« Il n’ y a pas d’autre travail »: en Guinée, la fin de la mise en route de la mine de Simandou provoque des milliers de licenciements
19 décembre 2025 Non Par LA RÉDACTION
Près de 30 ans après les premières explorations, Simandou reste un pari à haut risque : colossal sur le plan industriel, mais encore incertain quant à sa capacité à améliorer durablement le quotidien de la population guinéenne.
Présenté par le régime militaire guinéen comme symbole de la transformation économique, le mégaprojet minier de Simandou entame ses premières exportations de minerai de fer dans un climat social tendu. Les chantiers de construction de la route, du port et de la mise en route de l’exploitations sont achevés. Des milliers de travailleurs sont en train d’être licenciés, au moment même où la production s’accélère, selon une enquête publiée par Reuters.
Lancé en grande pompe, à quelques semaines de l’élection présidentielle du 28 décembre, Simandou est au cœur de la stratégie politique de Mamadi Doumbouya, chef du gouvernement militaire et favori du scrutin. Les retombées sociales du projet inquiètent.
Selon des sources gouvernementales et industrielles citées par Reuters, l’emploi sur le chantier a culminé à plus de 60 000 postes en 2024 et 2025, le temps de la phase de la mise en route de la mine. À terme, moins de 15 000 travailleurs seront nécessaires pour exploiter les mines, le port et la ligne ferroviaire de 670 km construite spécialement pour le projet.
Les licenciements ont déjà commencé :
• À Dantilia, 8 000 des 10 000 travailleurs ont perdu leur emploi en trois mois
• À Kamara, environ 1 500 salariés ont été remerciés
« Il n’y a pas d’autre travail », confie à Reuters un chauffeur qui travaille pour le consortium chinois Winning Consortium Simandou (WCS), sous couvert d’anonymat. « Nous attendons avec espoir, mais pour l’instant ils n’ont aucune solution et n’ont rien promis », poursuit-il.
Craintes de tensions sociales et de risques sécuritaires
Trois sources industrielles occidentales, consultées par l’agence de presse britanique, redoutent que cette démobilisation soudaine n’entraîne une hausse des accidents et des mouvements sociaux, voire des blocages de la voie ferrée.

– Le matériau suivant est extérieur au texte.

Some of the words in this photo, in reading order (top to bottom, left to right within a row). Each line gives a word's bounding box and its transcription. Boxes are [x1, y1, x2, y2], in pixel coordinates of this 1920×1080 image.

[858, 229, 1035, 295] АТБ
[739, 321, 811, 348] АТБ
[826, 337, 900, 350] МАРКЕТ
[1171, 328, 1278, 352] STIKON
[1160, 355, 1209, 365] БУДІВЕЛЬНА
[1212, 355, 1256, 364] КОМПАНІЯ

Des incidents ont déjà été signalés, notamment la mort de bétail percuté par des trains, suscitant la colère de communautés locales dépendantes de l’élevage.
Un bilan humain lourd :
• Une douzaine de travailleurs tués lors de la construction du chemin de fer entre 2023 et 2024
• Au moins cinq habitants locaux morts dans des accidents de la route liés au chantier
• Cinq autres décès de travailleurs reconnus par les opérateurs
Durant les six derniers mois, des évaluations de risques ont été menées. Résultat: plusieurs zones où des personnes ou du bétail seraient susceptibles de s’engager sur les voies ont été identifiées. Cela a conduit à la construction de clôtures qui n’étaient pas prévues dans le plan initial, toujours selon des sources industrielles.

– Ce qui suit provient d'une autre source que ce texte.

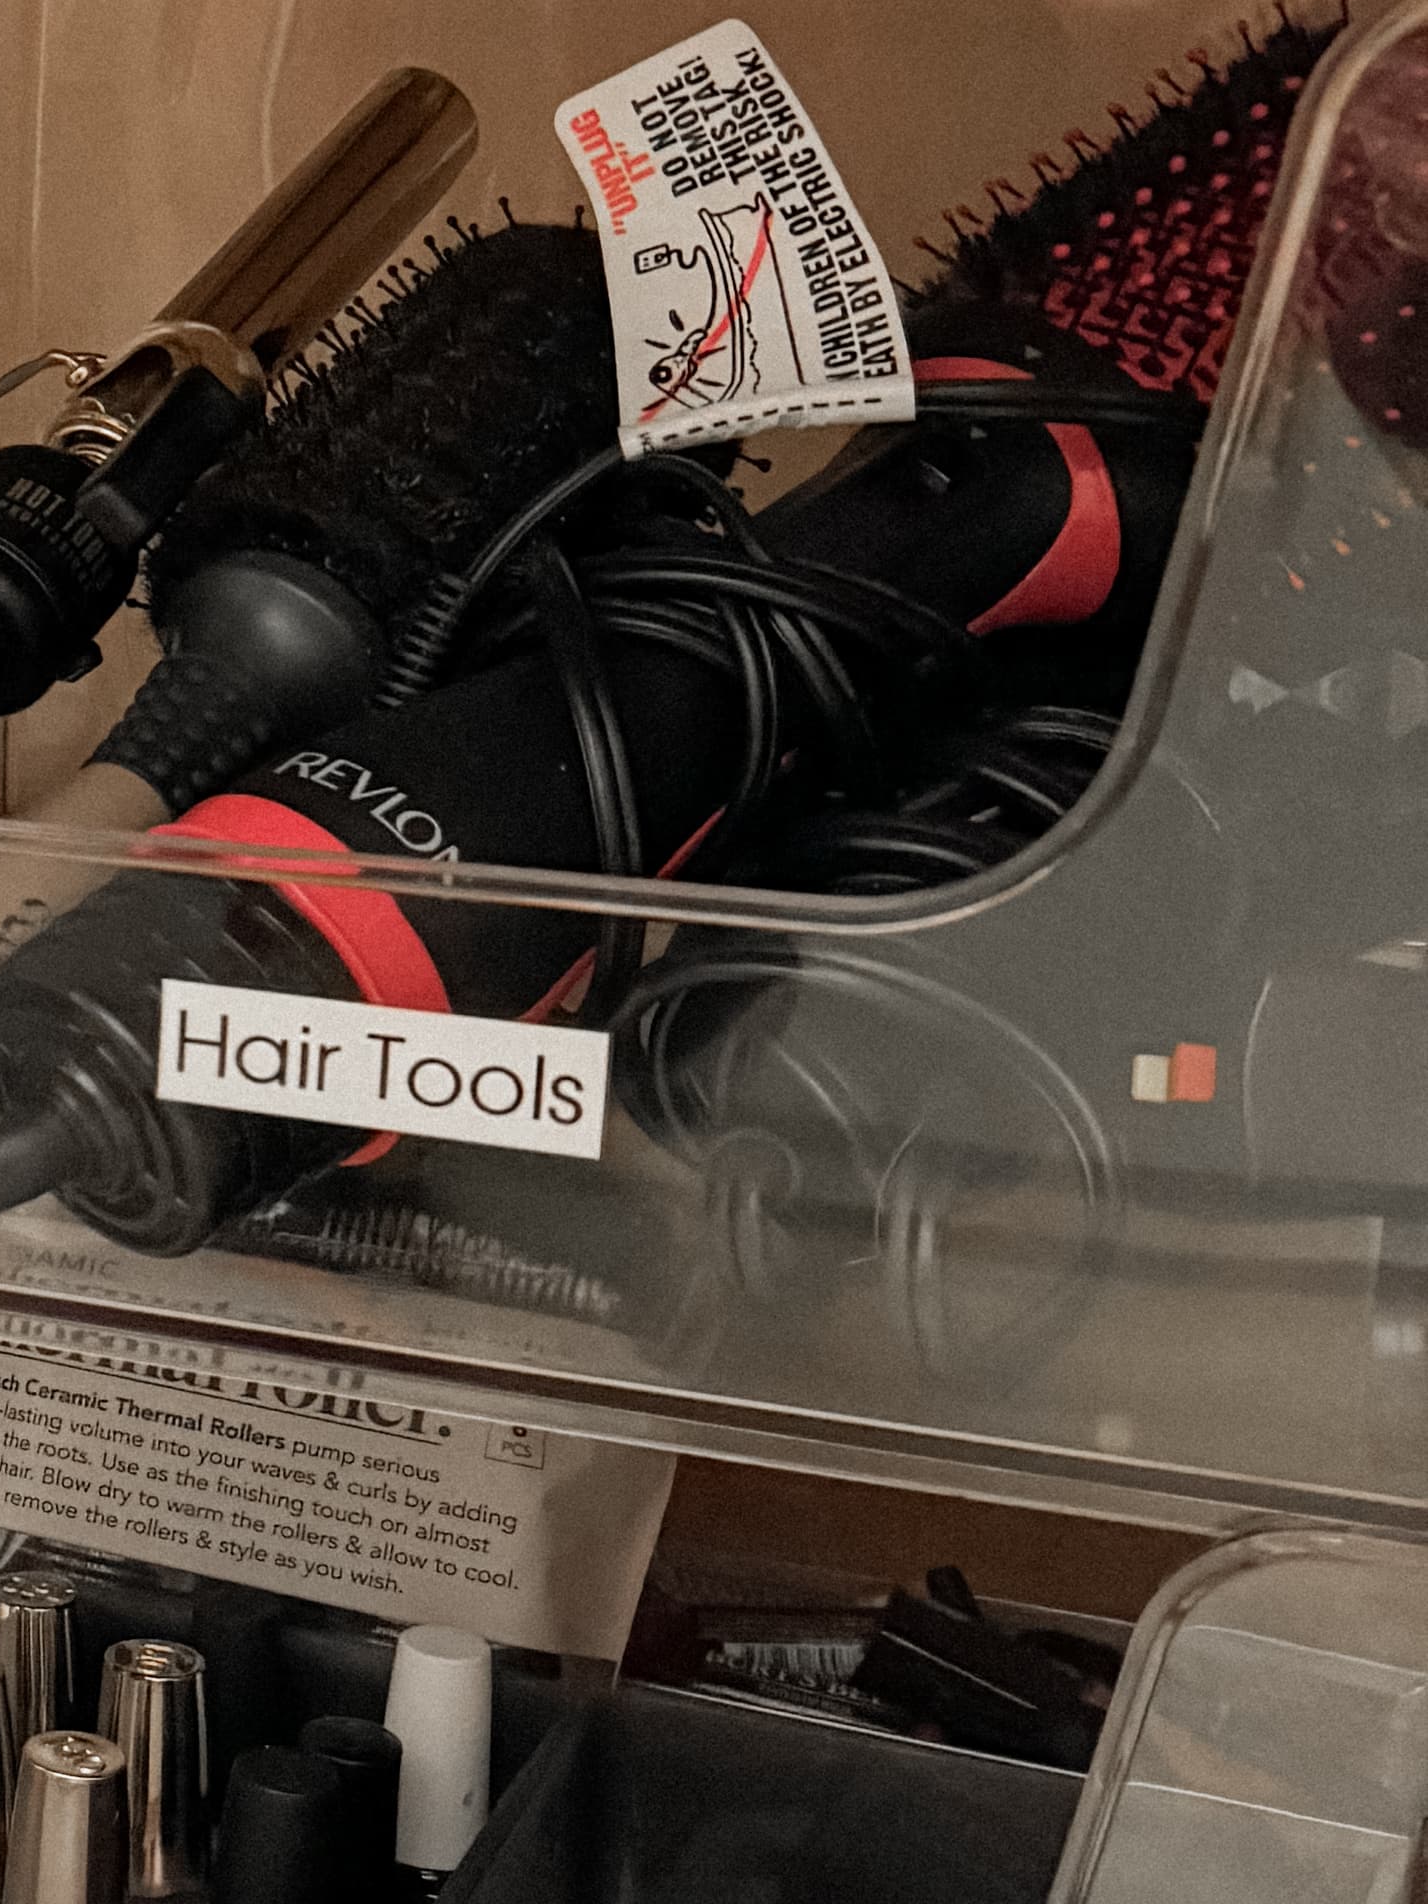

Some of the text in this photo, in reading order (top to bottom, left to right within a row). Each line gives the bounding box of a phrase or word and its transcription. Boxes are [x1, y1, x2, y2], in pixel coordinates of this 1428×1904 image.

[631, 95, 699, 198] DO NOT
[656, 75, 726, 187] REMOVE
[678, 55, 756, 186] THIS TAG!
[720, 79, 772, 151] RISK
[734, 46, 805, 146] SHOCK!
[751, 143, 797, 204] THE
[779, 203, 818, 237] OF
[789, 146, 870, 273] ELECTRIC
[797, 238, 861, 372] CHILDREN
[844, 276, 885, 313] BY
[855, 312, 899, 379] EATH
[6, 477, 67, 518] HOT
[177, 1009, 585, 1125] Hair Tools
[24, 1377, 109, 1413] Ceramic
[115, 1395, 204, 1433] Thermal
[209, 1416, 286, 1450] Rollers
[291, 1435, 357, 1467] pump
[361, 1453, 441, 1484] serious
[69, 1419, 145, 1449] volume
[150, 1435, 192, 1459] into
[196, 1447, 245, 1472] your
[250, 1460, 317, 1488] waves
[322, 1470, 340, 1492] &
[346, 1480, 398, 1505] curls
[403, 1488, 432, 1515] by
[437, 1499, 519, 1535] adding
[2, 1429, 32, 1452] the
[35, 1440, 93, 1466] roots.
[101, 1450, 141, 1476] Use
[145, 1464, 168, 1484] as
[174, 1469, 209, 1492] the
[216, 1476, 305, 1517] finishing
[311, 1502, 373, 1529] touch
[379, 1516, 409, 1536] on
[414, 1523, 492, 1555] almost
[3, 1491, 79, 1520] remove
[84, 1504, 119, 1529] the
[123, 1516, 190, 1546] rollers
[194, 1529, 213, 1551] &
[218, 1536, 268, 1564] style
[273, 1548, 297, 1570] as
[302, 1556, 344, 1580] you
[349, 1564, 405, 1595] wish.
[41, 1465, 93, 1495] Blow
[97, 1479, 133, 1507] dry
[138, 1489, 161, 1509] to
[166, 1498, 225, 1524] warm
[230, 1509, 267, 1534] the
[271, 1521, 340, 1551] rollers
[343, 1534, 362, 1556] &
[368, 1541, 430, 1571] allow
[434, 1556, 458, 1578] to
[463, 1564, 521, 1592] cool.

« Que se passe-t-il ensuite ? »
Le projet est piloté par deux consortiums : l’un dirigé par Rio Tinto, l’autre par le Winning Consortium Simandou (WCS), composé principalement d’entreprises chinoises.
Rio Tinto, par le biais de la coentreprise Rio Tinto-Simfer, est responsable de deux blocs miniers, de 78 km de voie ferrée les reliant au réseau principal et des installations de transbordement du nouveau port situé sur la côte atlantique. Chris Aitchison, son directeur général, a exprimé son inquiétude face aux risques liés aux pertes d’emplois soudaines, que l’industrie qualifie de « démobilisation ».
« La question est : que se passe-t-il ensuite ? », a-t-il déclaré. « Dans d’autres juridictions, lorsque nous procédons à une démobilisation, il existe des passerelles permettant aux employés ou aux personnes engagées dans l’exécution des projets de rejoindre d’autres chantiers. »
Le ministre des Mines, Bouna Sylla, qualifie ces licenciements de « douloureux » et promet de nouveaux projets d’infrastructures (routes, raffineries, centrales électriques), sans calendrier précis. Le gouvernement mise aussi sur le plan « Simandou 2040 », une stratégie sur 15 ans censée diversifier l’économie guinéenne.
L’État détient 15 % du projet, dont le coût total est estimé à 200 milliards de dollars, en grande partie financés par des capitaux privés. Une étude de la KPMG sur la reconversion des travailleurs devrait être publiée après les élections.
Selon le FMI, le projet pourrait accroître le PIB réel de la Guinée de 26 % d’ici 2030, mais sans politiques publiques adaptées, la réduction de la pauvreté serait limitée à 0,6 point, avec un risque accru d’inégalités, notamment en zones rurales.